▸ **TASK INSTRUCTIONS**: Each entry below is to be given again word for word, with no pictures.

********************

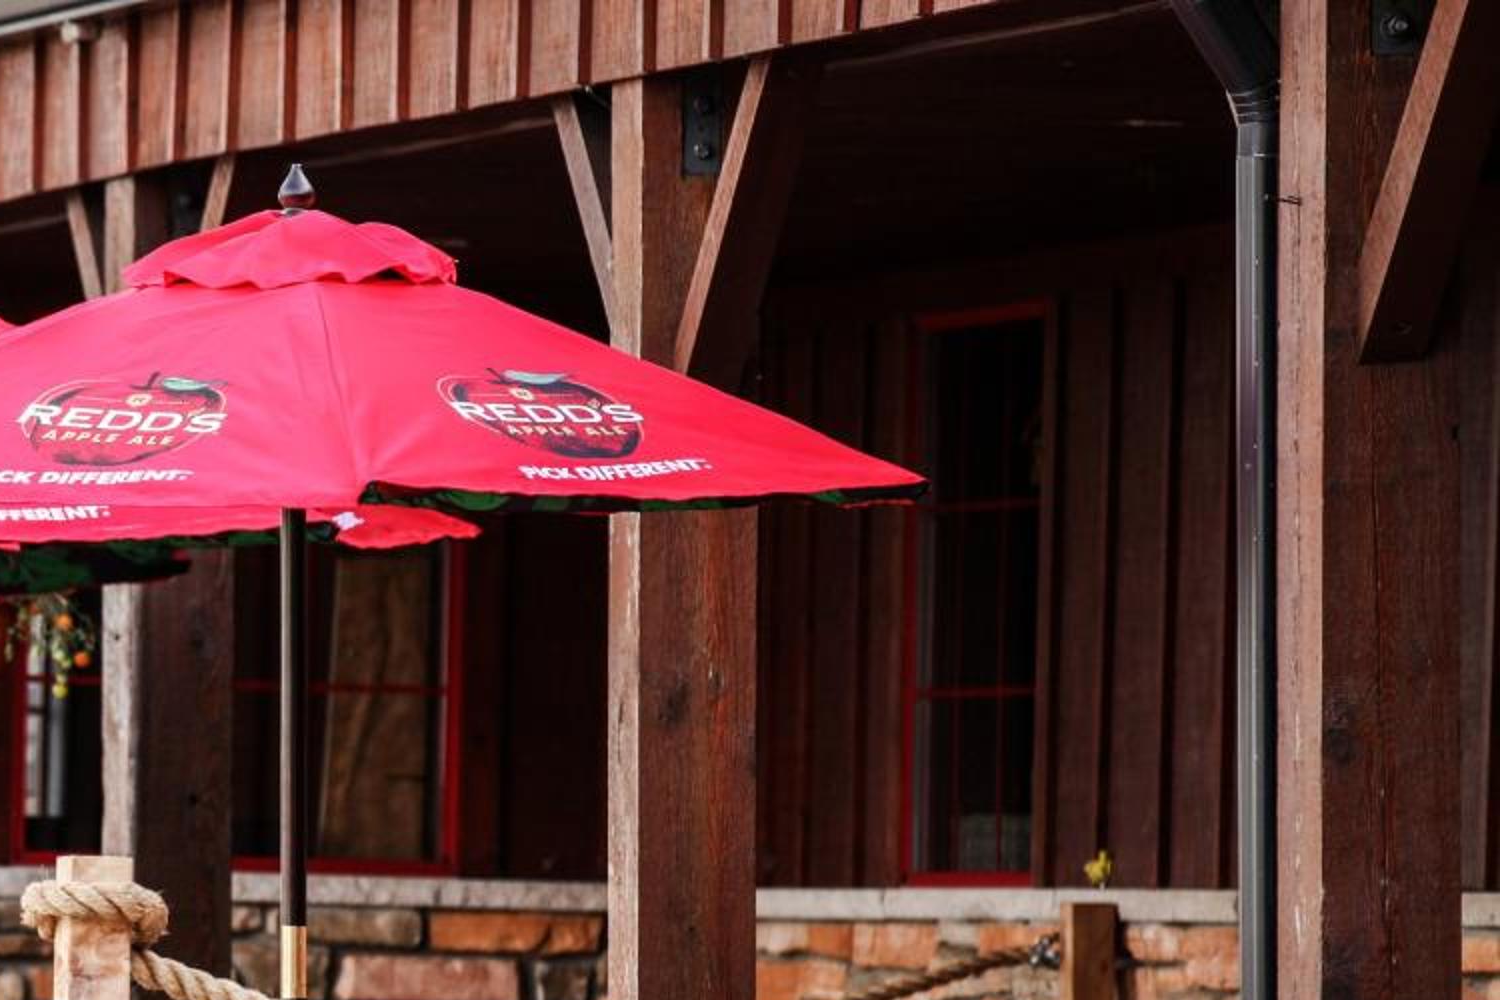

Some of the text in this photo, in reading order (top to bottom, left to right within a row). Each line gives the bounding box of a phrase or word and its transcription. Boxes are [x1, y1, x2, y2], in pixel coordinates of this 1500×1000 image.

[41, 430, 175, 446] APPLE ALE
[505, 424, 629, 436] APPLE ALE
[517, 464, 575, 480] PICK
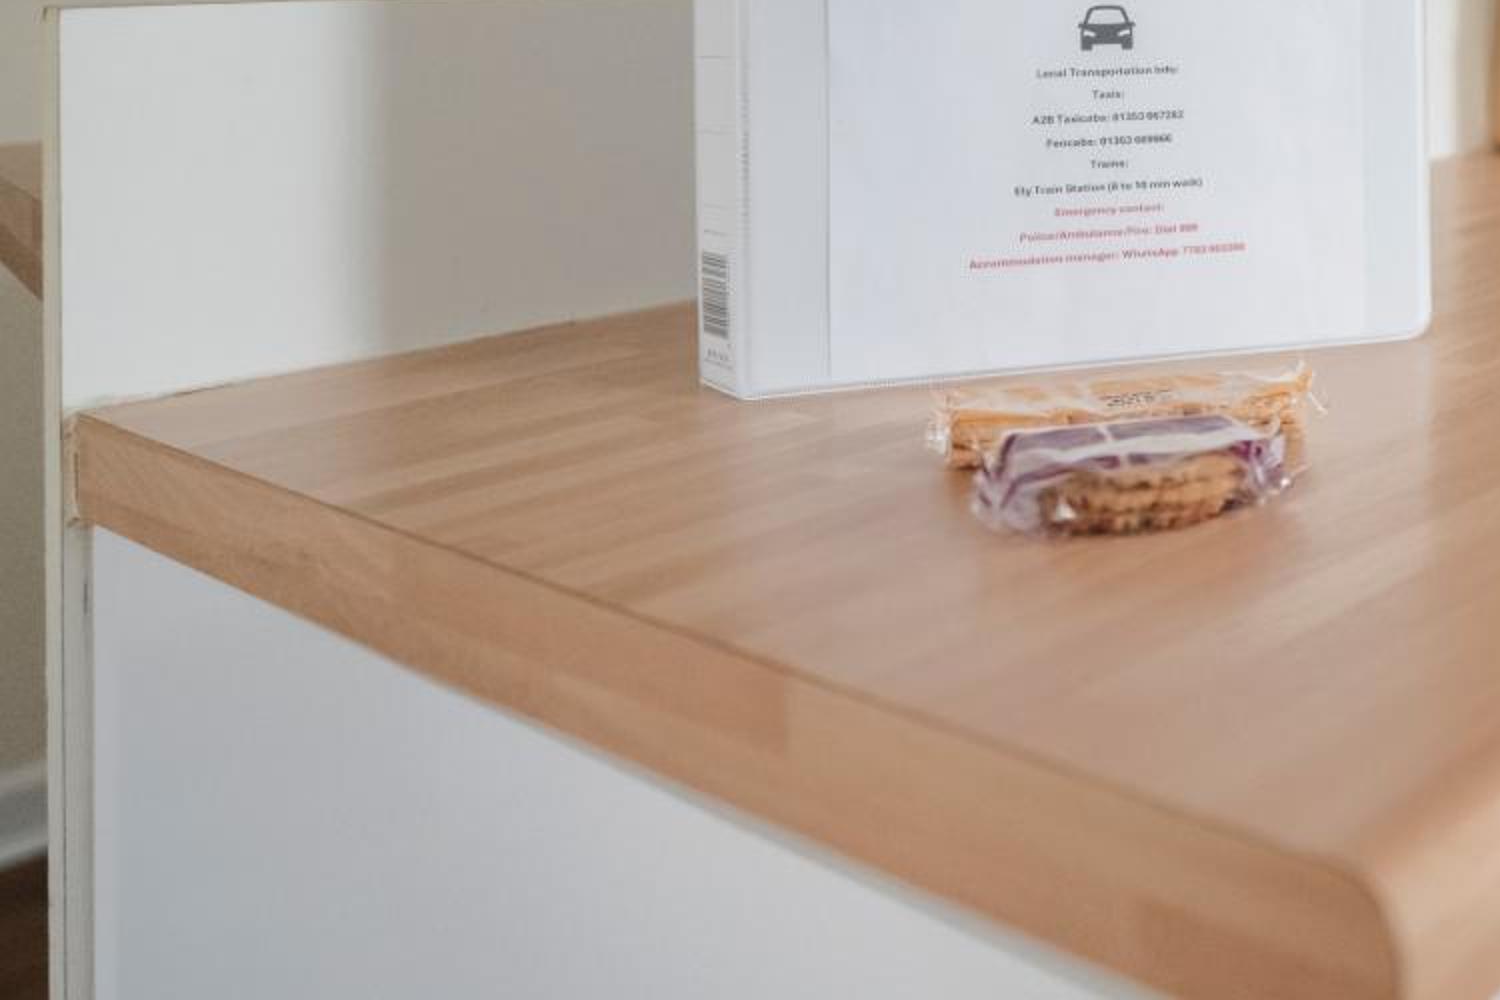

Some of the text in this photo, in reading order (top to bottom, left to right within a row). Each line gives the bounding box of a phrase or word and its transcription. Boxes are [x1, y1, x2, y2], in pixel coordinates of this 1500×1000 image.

********************

▸ **FINISHED TASK**:
Some of the text in this photo, in reading order (top to bottom, left to right within a row). Each line gives the bounding box of a phrase or word and its transcription. Boxes are [x1, y1, x2, y2], in pixel coordinates of this 1500×1000 image.

[41, 430, 175, 446] APPLE ALE
[505, 424, 629, 436] APPLE ALE
[517, 464, 575, 480] PICK

Some of the text in this photo, in reading order (top to bottom, left to right within a row). Each line gives the bounding box of a phrase or word and its transcription. Boxes are [x1, y1, x2, y2], in pixel coordinates of this 1500×1000 image.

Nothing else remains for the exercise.